Bij besluiten van 24 december 2021 (de bestreden besluiten) heeft verweerder de aanvragen van eisers tot het verlenen van een verblijfsvergunning asiel voor bepaalde tijd in de algemene procedure afgewezen als kennelijk ongegrond.
Eisers hebben tegen de bestreden besluiten beroep ingesteld.
De rechtbank heeft het beroep, tezamen met de zaken NL21.20399 en NL21.20406, op 8 februari 2022 op zitting behandeld. Eisers zijn verschenen, bijgestaan door hun gemachtigde. Als tolk is verschenen S. Markarian. Verweerder heeft zich laten vertegenwoordigen door zijn gemachtigde.

Overwegingen

1. Eisers zijn van Armeense nationaliteit. Eiser is geboren op [geboortedatum 1] 1995. Eiseres is geboren op [geboortedatum 2] 1999.
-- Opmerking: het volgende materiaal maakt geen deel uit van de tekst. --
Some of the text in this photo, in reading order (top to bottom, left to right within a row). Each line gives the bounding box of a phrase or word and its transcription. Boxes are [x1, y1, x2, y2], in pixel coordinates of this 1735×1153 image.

2. Eisers hebben aan hun asielaanvragen ten grondslag gelegd dat eiser is ontvoerd vanwege zijn betrokkenheid als militair bij de Nagorno-Karabach oorlog. Eiser is gedwongen om documenten te ondertekenen, waarmee hooggeplaatste politici probeerden hem de schuld van het verlies van het gebied in de schoenen te schuiven. Om eiser onder druk te zetten om de bekentenis te tekenen zijn eiseres en hun kind ook meegenomen en heeft een hooggeplaatste politicus het kind van eisers met een pistool bedreigd. Naar aanleiding hiervan zijn eisers uit Armenië gevlucht.
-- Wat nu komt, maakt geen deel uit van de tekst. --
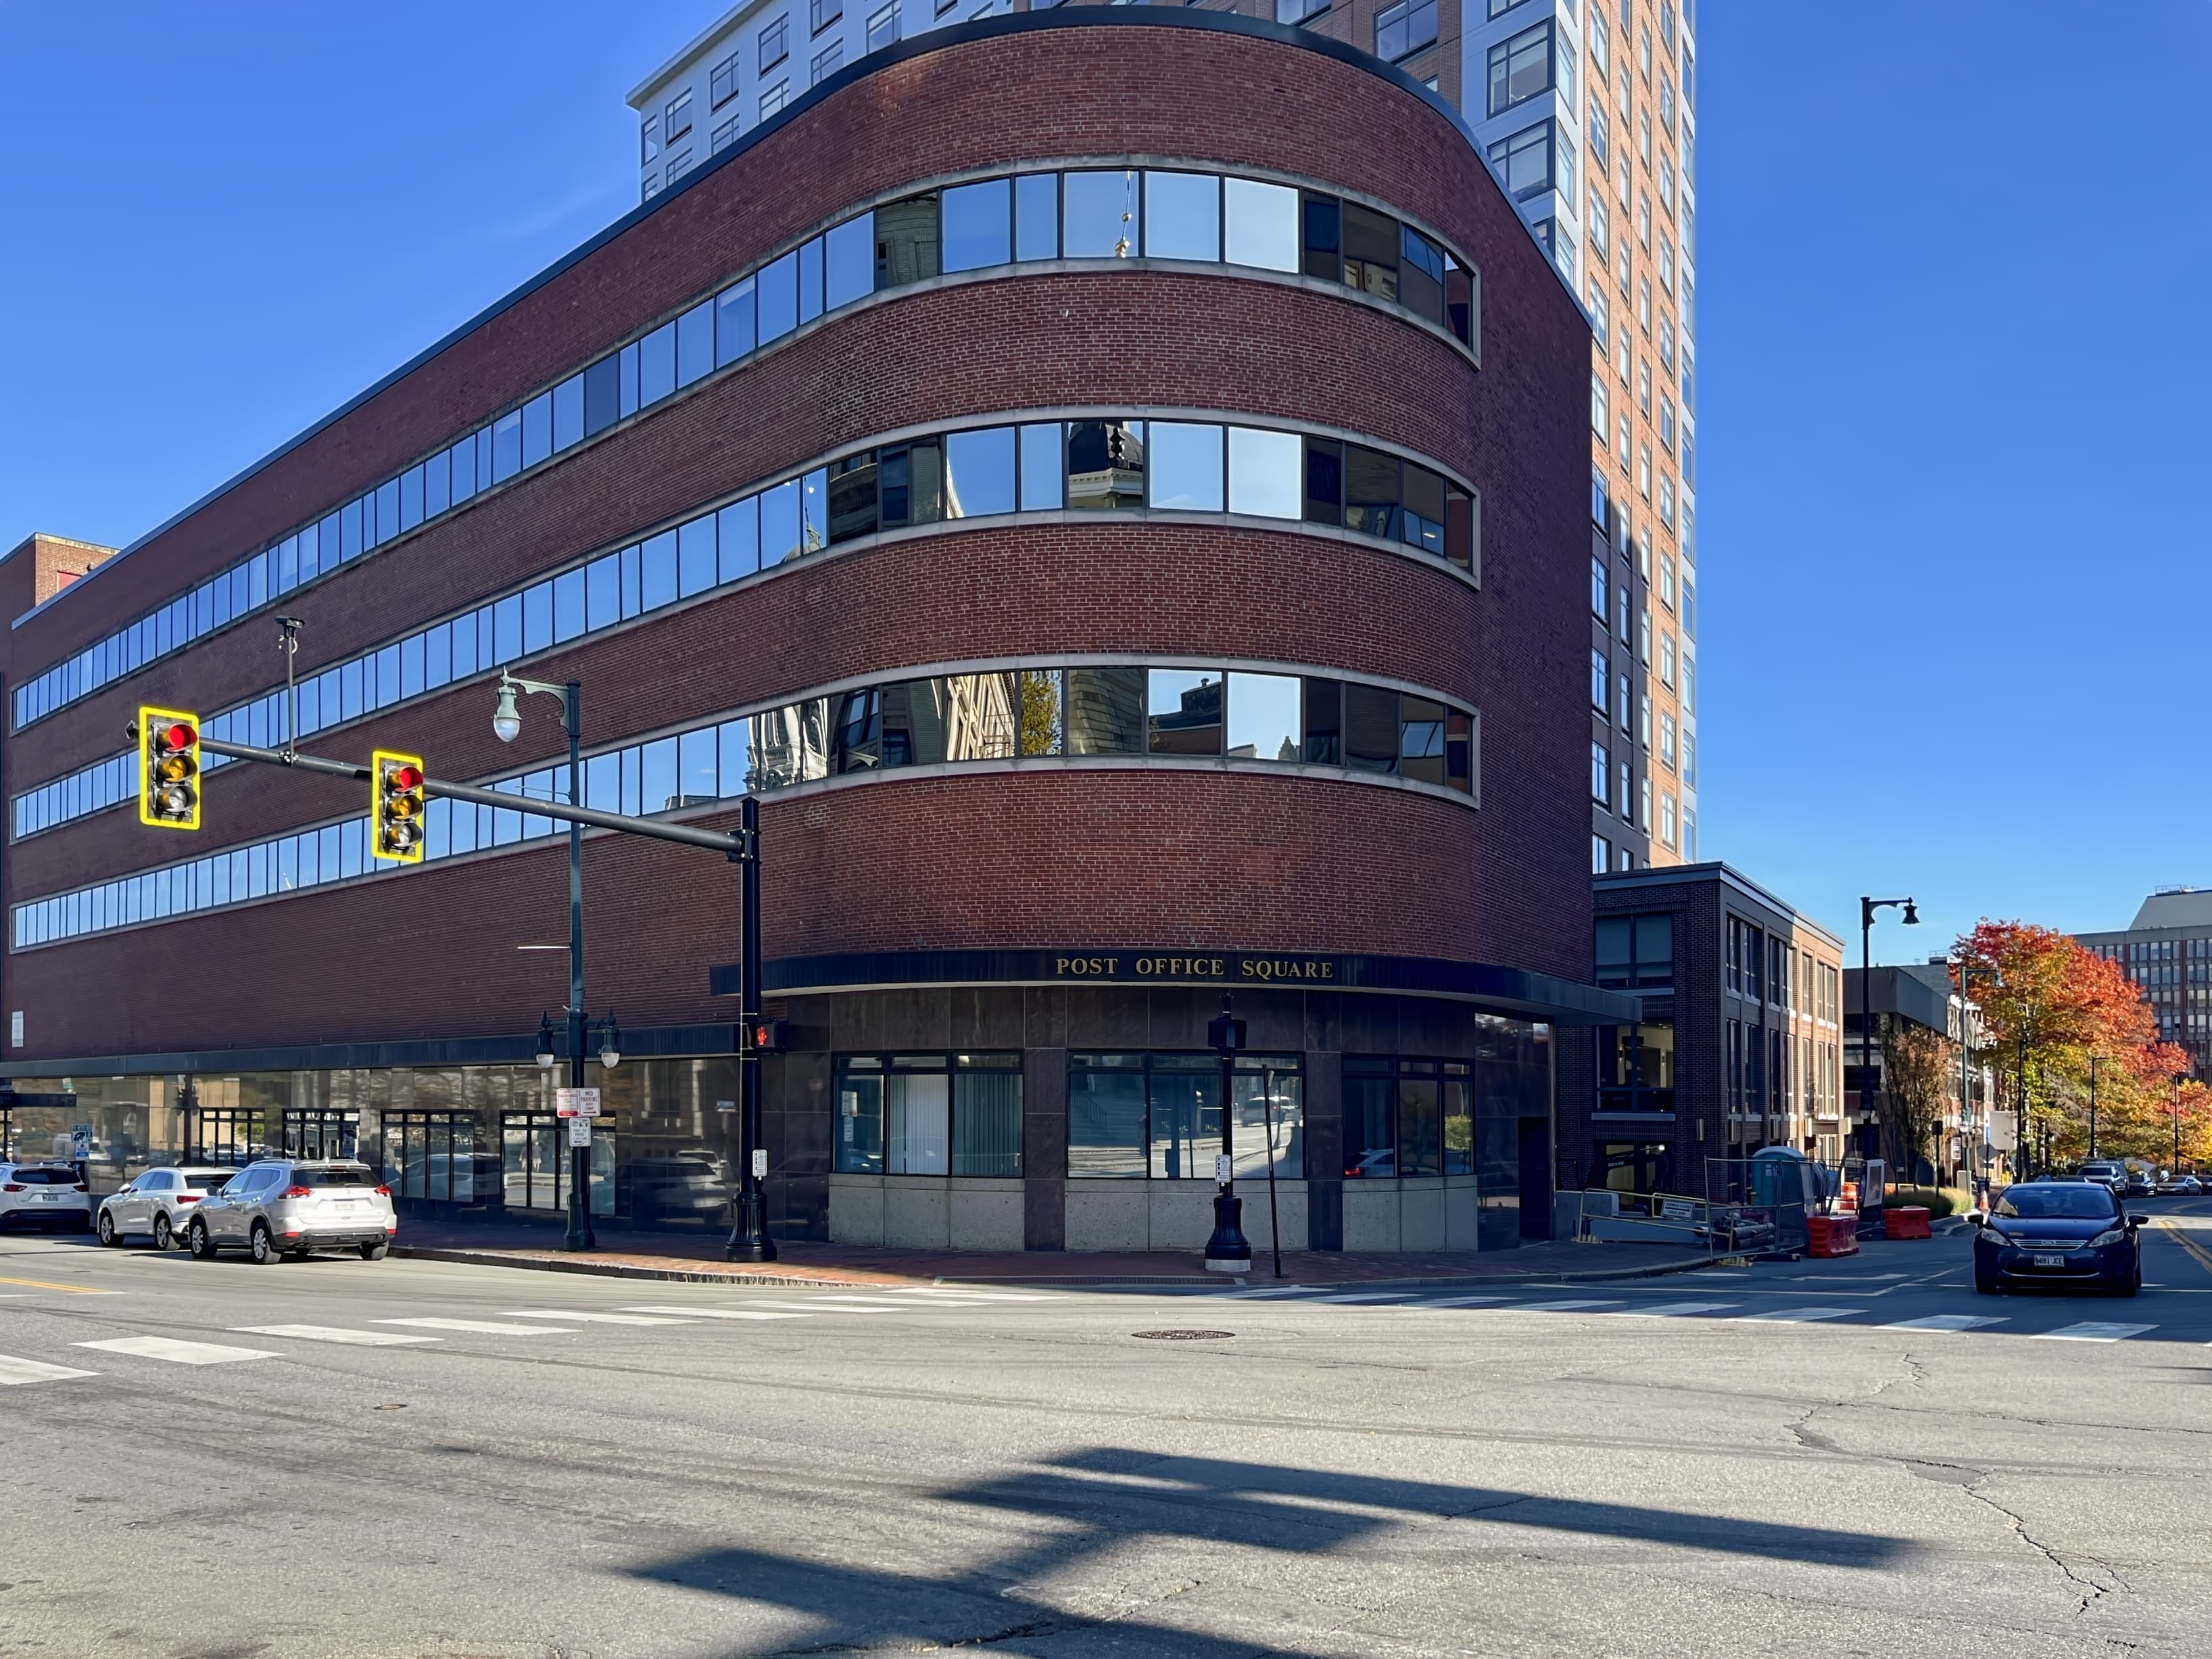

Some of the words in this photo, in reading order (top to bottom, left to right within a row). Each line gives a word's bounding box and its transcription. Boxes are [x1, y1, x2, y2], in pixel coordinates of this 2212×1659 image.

[1056, 958, 1118, 975] POST
[1136, 958, 1224, 976] OFFICE
[1242, 960, 1333, 980] SQUARE
3. Het asielrelaas van eiser bevat volgens verweerder de volgende relevante elementen:
Identiteit, nationaliteit en herkomst;
Ontvoering en dreigementen van Armeense politici en militairen.
Het asielrelaas van eiseres bevat volgens verweerder de volgende relevante elementen:
Identiteit, nationaliteit en herkomst;
Vermissing van echtgenoot sinds 8 juli 2021, inval in huis op 12 juli 2021 en ontvoering van 14 juli 2021.
4. Verweerder vindt de identiteit, nationaliteit en herkomst van eisers geloofwaardig. De ontvoeringen van eisers en bedreigingen acht verweerder ongeloofwaardig. Armenië is aangemerkt als veilig land van herkomst. Eisers hebben niet aannemelijk gemaakt dat Armenië in hun specifieke omstandigheden niet als veilig land kan worden aangemerkt. Verweerder heeft de aanvragen daarom afgewezen als kennelijk ongegrond.1
Veilig land van herkomst
5. Eisers hebben zich ter zitting op het standpunt gesteld dat Armenië ten onrechte is aangemerkt als veilig land van herkomst. De Nagorno-Karabach oorlog had aanleiding moeten zijn voor verweerder om nader onderzoek in te stellen.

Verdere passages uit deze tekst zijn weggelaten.